09-14, 11:30–12:10 (Europe/Berlin), Dome
The build system should get out of the way to let us focus on our tasks, not be distracted by slow or unreliable builds, get fast feedback on changes, and let us know what’s in the software we’re shipping to our users. But, what does it take for a build system to be really fast and reliable? What does it take to know what’s in the software?
It requires aggressive parallelism and distributed caching to avoid redundant work between colleagues. And it requires complete knowledge and control of dependencies, build isolation to identify mistakes, and reproducible builds to verify results across machines and strengthen supply-chain security.
In this talk you will learn how Google’s open source build system Bazel and the purely functional package manager Nix join forces to provide fast, correct, and reproducible builds.
In this talk I will explain what we mean by correct builds, and will motivate why fast and correct builds are important and why you would care about reproducible and isolated builds. We will see how many common build systems fail to provide these desirable properties.
You will be introduced to Google’s open source build system Bazel and will learn how it provides fast builds, how correctness and reproducibility is relevant, and how Bazel tries to ensure correctness. But, we will also see where Bazel falls short in ensuring correctness and reproducibility.
You will learn about the purely functional package manager Nix and how it approaches correctness and build isolation.

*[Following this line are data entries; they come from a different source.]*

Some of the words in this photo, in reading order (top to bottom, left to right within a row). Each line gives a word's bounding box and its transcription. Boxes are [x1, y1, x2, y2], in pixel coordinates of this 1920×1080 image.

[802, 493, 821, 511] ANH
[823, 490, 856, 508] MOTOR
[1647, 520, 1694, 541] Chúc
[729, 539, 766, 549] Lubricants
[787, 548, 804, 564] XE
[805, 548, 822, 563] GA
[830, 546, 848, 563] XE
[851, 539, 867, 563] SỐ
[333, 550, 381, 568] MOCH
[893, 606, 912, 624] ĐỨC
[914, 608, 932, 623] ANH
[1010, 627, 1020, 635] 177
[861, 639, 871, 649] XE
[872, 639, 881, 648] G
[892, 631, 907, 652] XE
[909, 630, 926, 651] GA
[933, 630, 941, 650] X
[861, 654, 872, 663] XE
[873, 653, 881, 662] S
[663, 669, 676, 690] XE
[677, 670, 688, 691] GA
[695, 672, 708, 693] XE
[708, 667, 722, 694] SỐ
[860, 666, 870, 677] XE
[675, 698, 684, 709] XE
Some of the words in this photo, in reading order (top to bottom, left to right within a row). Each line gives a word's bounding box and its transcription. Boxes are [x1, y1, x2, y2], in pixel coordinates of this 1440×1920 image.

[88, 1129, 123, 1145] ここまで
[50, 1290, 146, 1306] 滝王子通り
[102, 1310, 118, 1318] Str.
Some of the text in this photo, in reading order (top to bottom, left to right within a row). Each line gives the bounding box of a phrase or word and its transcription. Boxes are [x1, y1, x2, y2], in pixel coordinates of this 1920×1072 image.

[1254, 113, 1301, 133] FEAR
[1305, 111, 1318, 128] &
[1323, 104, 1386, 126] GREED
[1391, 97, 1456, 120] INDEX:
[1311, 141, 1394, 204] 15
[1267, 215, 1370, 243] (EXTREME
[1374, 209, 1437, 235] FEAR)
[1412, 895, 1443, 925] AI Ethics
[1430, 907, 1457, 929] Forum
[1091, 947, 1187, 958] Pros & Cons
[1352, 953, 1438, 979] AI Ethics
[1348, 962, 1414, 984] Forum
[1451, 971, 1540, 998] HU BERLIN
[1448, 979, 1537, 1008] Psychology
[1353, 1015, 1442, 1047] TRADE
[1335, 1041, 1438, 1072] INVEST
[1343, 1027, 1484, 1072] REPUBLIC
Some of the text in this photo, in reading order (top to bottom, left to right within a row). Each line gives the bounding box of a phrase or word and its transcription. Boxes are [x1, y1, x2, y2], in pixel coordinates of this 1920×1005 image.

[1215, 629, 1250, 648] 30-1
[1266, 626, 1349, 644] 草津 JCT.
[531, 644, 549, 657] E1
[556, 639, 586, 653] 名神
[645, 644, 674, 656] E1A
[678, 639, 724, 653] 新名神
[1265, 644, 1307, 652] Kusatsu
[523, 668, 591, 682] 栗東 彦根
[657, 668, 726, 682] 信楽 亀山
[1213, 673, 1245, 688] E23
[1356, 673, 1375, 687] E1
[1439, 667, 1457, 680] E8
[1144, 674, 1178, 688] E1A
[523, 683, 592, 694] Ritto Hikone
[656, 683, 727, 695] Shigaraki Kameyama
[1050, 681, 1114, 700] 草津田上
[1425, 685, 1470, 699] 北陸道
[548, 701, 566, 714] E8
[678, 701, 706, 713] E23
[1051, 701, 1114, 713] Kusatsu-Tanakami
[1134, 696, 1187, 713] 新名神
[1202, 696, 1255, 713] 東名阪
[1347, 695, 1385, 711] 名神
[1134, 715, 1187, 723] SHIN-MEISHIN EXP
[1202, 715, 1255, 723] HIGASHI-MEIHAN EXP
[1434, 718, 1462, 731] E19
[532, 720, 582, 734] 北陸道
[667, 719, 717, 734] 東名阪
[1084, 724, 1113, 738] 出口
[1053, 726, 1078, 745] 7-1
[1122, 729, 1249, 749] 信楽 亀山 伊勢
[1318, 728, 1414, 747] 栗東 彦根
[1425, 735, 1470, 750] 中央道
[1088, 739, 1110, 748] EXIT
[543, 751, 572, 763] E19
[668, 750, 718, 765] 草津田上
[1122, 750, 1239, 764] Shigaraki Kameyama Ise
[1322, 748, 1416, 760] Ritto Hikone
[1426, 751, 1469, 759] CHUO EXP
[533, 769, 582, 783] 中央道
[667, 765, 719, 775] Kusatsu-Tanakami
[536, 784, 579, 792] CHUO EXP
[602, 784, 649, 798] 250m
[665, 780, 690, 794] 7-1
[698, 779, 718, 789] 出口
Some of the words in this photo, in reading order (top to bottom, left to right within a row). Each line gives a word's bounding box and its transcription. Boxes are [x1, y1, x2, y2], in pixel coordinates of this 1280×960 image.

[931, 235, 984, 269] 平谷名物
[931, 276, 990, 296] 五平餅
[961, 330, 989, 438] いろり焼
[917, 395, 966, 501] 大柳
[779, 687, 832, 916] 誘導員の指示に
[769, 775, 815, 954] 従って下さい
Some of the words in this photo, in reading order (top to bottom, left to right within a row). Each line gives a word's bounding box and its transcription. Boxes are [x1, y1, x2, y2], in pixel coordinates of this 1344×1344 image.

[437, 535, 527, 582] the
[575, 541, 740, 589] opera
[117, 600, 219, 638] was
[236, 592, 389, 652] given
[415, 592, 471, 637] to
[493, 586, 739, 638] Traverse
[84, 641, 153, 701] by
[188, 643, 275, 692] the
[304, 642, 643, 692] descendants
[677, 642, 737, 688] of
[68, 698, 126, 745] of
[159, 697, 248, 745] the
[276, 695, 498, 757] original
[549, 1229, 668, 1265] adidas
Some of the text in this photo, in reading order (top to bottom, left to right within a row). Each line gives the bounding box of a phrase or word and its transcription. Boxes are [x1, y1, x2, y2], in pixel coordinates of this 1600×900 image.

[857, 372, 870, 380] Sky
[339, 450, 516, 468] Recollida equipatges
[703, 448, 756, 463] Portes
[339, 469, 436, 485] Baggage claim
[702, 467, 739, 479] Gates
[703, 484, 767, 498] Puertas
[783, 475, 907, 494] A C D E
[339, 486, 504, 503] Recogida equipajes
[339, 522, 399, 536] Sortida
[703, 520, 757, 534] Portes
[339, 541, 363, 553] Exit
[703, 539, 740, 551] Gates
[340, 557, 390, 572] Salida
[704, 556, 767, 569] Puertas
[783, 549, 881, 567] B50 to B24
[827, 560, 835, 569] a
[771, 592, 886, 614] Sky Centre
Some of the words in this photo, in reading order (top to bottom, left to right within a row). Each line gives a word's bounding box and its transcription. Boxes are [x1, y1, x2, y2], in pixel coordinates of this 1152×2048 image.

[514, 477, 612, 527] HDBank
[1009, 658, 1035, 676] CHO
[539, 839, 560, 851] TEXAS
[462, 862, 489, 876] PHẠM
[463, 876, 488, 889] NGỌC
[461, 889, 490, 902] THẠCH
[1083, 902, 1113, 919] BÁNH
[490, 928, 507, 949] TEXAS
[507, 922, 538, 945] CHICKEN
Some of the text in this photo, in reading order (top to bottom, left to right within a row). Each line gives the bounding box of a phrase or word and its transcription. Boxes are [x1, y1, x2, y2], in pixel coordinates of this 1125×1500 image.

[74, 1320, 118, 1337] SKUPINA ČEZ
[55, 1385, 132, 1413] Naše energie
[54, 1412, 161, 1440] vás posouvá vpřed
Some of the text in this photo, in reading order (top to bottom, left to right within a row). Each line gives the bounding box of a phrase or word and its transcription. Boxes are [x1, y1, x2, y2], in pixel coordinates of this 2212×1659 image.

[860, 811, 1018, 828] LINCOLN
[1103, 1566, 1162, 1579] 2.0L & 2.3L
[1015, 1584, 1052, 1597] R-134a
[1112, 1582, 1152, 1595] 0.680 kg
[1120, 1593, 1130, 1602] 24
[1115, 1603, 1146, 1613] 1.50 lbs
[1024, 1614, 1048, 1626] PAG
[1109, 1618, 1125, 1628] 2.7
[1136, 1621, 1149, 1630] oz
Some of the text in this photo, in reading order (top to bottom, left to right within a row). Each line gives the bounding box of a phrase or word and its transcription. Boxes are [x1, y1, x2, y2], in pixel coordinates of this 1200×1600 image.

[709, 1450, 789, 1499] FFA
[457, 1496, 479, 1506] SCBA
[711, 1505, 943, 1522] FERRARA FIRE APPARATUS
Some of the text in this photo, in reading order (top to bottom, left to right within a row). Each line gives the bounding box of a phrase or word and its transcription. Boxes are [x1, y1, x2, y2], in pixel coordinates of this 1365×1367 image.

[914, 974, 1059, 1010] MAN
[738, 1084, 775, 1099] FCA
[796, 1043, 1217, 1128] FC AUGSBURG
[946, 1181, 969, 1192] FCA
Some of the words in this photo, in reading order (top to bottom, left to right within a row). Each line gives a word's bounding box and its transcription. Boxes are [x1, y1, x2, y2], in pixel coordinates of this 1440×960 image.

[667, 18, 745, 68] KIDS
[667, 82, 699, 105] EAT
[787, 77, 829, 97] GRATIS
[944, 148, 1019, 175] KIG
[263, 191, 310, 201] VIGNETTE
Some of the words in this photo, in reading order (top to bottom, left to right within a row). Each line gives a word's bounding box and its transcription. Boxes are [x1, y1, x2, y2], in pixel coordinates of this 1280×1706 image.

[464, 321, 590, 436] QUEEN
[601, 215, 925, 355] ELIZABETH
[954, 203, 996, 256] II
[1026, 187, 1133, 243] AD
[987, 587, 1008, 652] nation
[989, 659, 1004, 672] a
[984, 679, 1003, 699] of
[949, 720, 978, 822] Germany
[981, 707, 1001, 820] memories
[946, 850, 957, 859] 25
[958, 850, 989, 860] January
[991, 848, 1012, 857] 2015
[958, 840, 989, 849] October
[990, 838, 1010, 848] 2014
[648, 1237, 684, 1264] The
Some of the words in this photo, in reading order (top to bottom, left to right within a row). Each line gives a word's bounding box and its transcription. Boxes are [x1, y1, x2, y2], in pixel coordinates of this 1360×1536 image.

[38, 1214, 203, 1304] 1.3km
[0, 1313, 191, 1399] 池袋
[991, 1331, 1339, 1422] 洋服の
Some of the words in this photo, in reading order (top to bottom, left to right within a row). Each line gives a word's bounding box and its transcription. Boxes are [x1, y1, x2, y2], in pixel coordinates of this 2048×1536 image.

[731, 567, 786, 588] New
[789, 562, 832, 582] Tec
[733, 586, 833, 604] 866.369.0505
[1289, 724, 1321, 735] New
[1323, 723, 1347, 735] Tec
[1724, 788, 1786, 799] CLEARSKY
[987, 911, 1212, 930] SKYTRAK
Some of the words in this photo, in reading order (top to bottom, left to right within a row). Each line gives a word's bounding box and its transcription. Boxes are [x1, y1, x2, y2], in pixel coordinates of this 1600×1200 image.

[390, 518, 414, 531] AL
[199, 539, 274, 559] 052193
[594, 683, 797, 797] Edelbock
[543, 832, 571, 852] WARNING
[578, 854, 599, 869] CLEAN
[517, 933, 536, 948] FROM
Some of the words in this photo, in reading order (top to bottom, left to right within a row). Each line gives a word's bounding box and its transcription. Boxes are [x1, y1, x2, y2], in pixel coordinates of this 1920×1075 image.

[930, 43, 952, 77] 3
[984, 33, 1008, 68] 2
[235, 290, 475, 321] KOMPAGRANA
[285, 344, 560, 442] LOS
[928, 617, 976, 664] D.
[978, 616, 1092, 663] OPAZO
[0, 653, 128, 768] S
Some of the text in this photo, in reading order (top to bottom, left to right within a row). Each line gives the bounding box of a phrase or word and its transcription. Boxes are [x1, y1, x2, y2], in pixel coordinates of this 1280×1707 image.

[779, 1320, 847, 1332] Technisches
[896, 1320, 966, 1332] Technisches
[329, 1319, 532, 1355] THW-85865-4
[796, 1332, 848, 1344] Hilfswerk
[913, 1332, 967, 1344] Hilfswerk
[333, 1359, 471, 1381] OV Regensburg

And we will see where Bazel has an advantage over Nix when it comes to providing fast feedback during development.
I will share how you can get the best of both worlds and combine Nix and Bazel and how you can get started with these tools. But, we will also touch on potential caveats and shortcomings of this approach.
Andreas is a physicist turned software engineer. He leads the Scalable Builds Group at Tweag, which contributes to Bazel, Buck2, and Pants, is Google’s first Bazel Community Expert, maintains Bazel extensions, and provides professional services. Andreas is passionate about functional programming, and hermetic and reproducible builds. He lives in Zurich and is active in the local Haskell community.